‘So what’s the business case?’
It’s a reasonable enough question, but it’s also one that hides some interesting assumptions.
Some use it as a probe: They’re looking for insights into the returns they can expect from a supply chain planning platform.
Others seem to think that if a business case can’t be quantified precisely, it doesn’t really exist.
Who’s right?
Well, it all depends on which business case you’re thinking of. In my experience, there are at least four.
How important is this fact? I’d say it’s crucial.
Knowing which type of business case you’re examining, sets you up with the right expectations. While the demand for precision may seem reassuringly rigorous, it can also be short sighted. In the realm of supply chain planning platforms, benefits that can be quantified precisely are often less significant and strategic than those that can only be estimated.

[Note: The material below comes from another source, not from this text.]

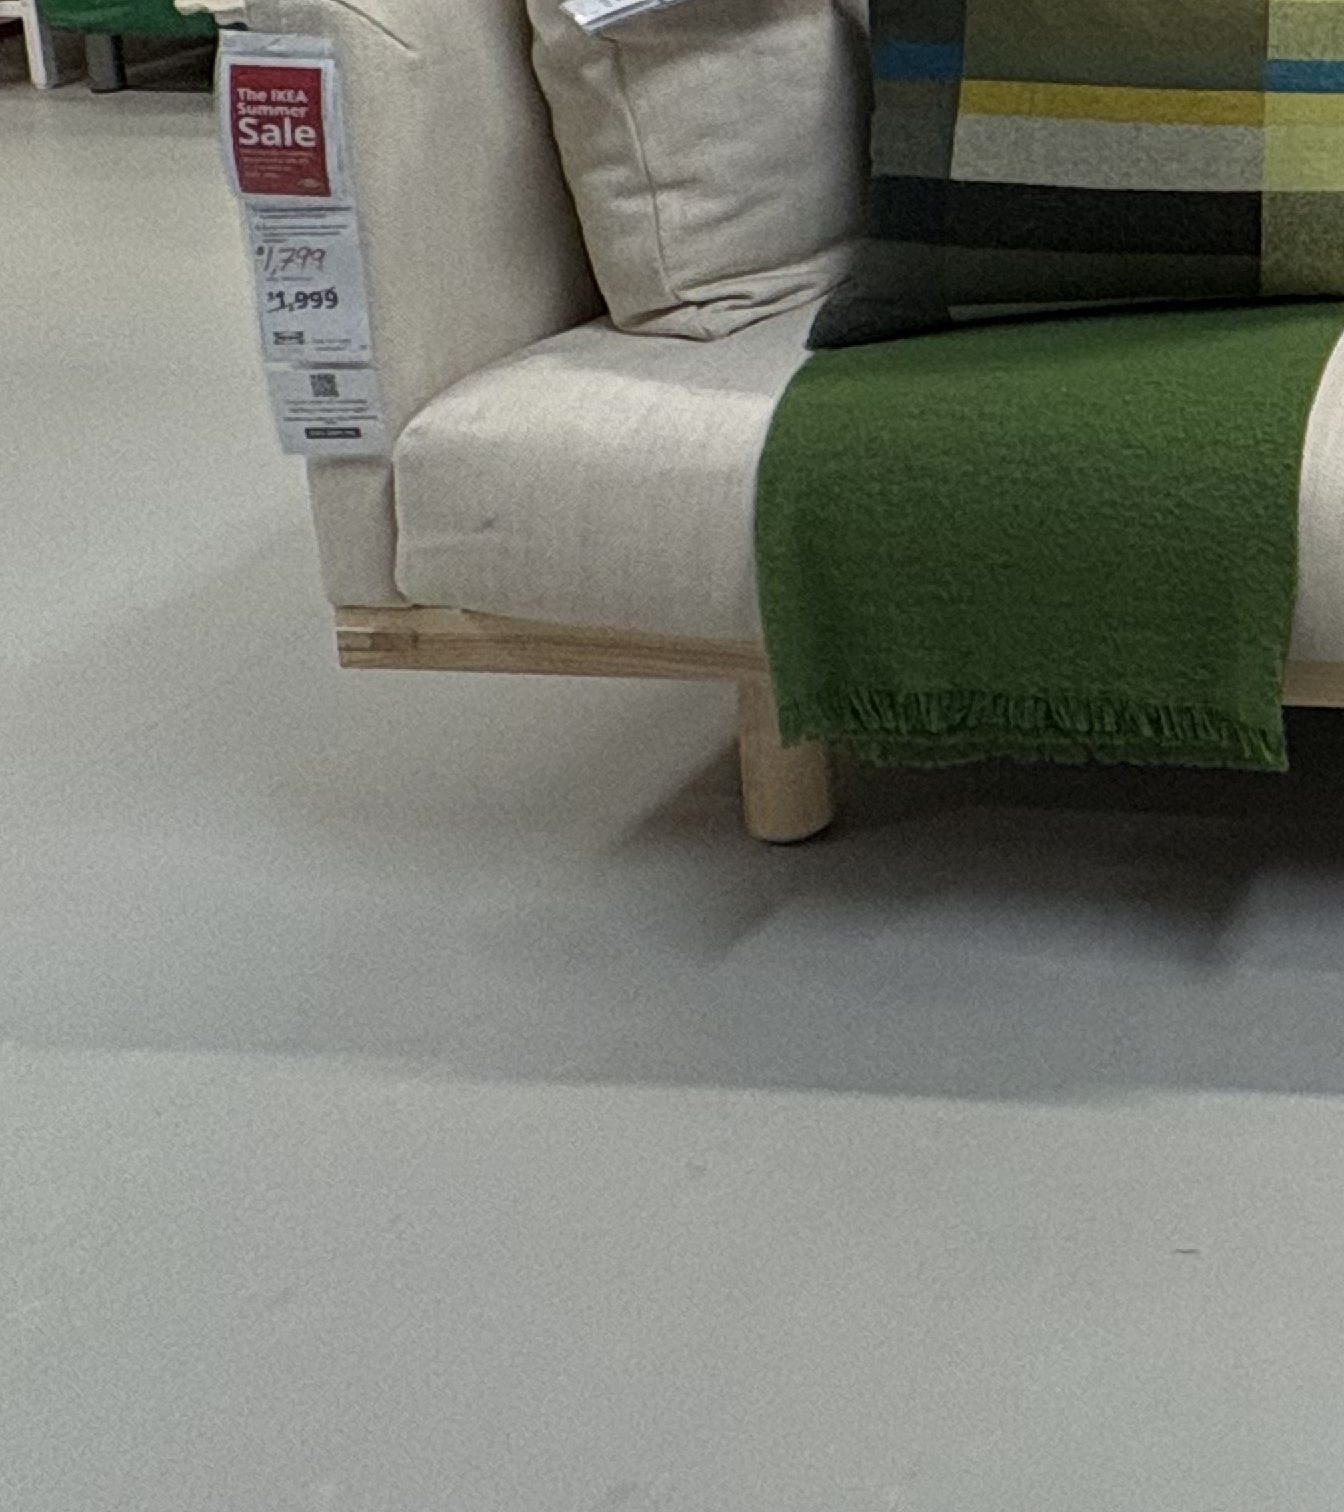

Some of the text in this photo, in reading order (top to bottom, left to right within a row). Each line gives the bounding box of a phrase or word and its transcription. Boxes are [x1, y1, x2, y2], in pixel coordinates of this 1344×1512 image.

[237, 88, 309, 104] The IKEA
[237, 102, 309, 118] Summer
[238, 116, 317, 148] Sale

To get a feel for this truth, let’s look at the four kinds of benefits a business can expect from a supply chain planning platform.
Level 1 business case
The benefits here are straightforward and easy to calculate. For example:
– If the new planning platform is replacing existing systems, how much will you save in terms of the total cost of ownership?
– If having an integrated planning system means that planners no longer spend time collecting data, how many planner-hours will be saved?
Level 1 savings tend to be trivial and unpersuasive. A planning platform isn’t something you buy because the total cost of ownership of your existing system is slightly higher than the new one. More of this later.
Level 2 business case
This is about the planning process itself. A large logistics company operating throughout Europe could easily have fifty to eighty planners. A manufacturing company with multiple facilities might have a couple of hundred people who spend a large part of their day creating and monitoring plans.
The question here is, ‘Will the planning platform make my planners more productive?’ For example, can the same work now be done by sixty rather than eighty planners? Will you be able to grow the business by, say, 25% without hiring more planners?’ If so, you can easily calculate what the savings will be.
These savings can be substantial. Often they’re large enough to justify an implementation. Even so, it’s important to remember that they’re just a fraction of what you should be looking for from a supply chain planning platform.
Level 3 business case
Here’s where a supply chain planning platform creates real business value. (And why the Level 1 focus on total cost of ownership missed the point.)
Most of the companies I work with are interested in Level 3 benefits. They want to achieve more with the same resources and improve their KPIs. For example, they might need to boost utilization rates, transform their delivery performance, and reduce inventories.
An intelligent supply chain planning platform can enable all this.
Level 3 benefits are more difficult to estimate accurately than the payoffs at Levels 1 and 2. Even so, you can – and should – expect to see a pilot or proof of concept that indicates the gains you can expect.
Does it matter that this will be an indication rather than a definite figure? Not at all. Level 3 benefits tend to be huge and unmistakable. An effective proof of concept will leave you in no doubt about what you stand to gain.
Level 4 business case
Level 3 was about doing the same things more efficiently. It’s the reason most businesses invest in supply chain planning software.
Level 4 is more strategic. It’s about using supply chain planning and optimization to rapidly configure and reconfigure resources. This kind of agility opens up new ways of connecting with customers. It’s a competitive differentiator that enables you to enter and conquer markets with new services, service levels and products.
An express company could choose to offer narrower time windows and charge customers a premium for this. A logistics service provider might begin offering vendor managed inventory services. A manufacture might decide to broaden its product portfolio or serve customers that require shorter lead times.
Of course these changes will require more than an intelligent planning platform. We’re talking about a strategic turnaround that will also involve new processes and sales strategies.
Quantifying the financial returns of such a move isn’t easy. In many cases, the decision boils down to a strategic choice. Do you want to enter new markets? And if so, do you have the agility to compete successfully?
Of course making a business case is important. But it’s also important to recognize that the most significant gains – the kind with the potential to transform the future of your business – will be the hardest to pin down precisely.
So here’s something you can say to the next person who uses ‘So what’s the business case?’ to shoot down a potentially profitable innovation: Companies that demand Level 1 or Level 2 precision when evaluating Level 3 or Level 4 benefits are going to miss significant savings and new revenue streams that could transform their competitiveness.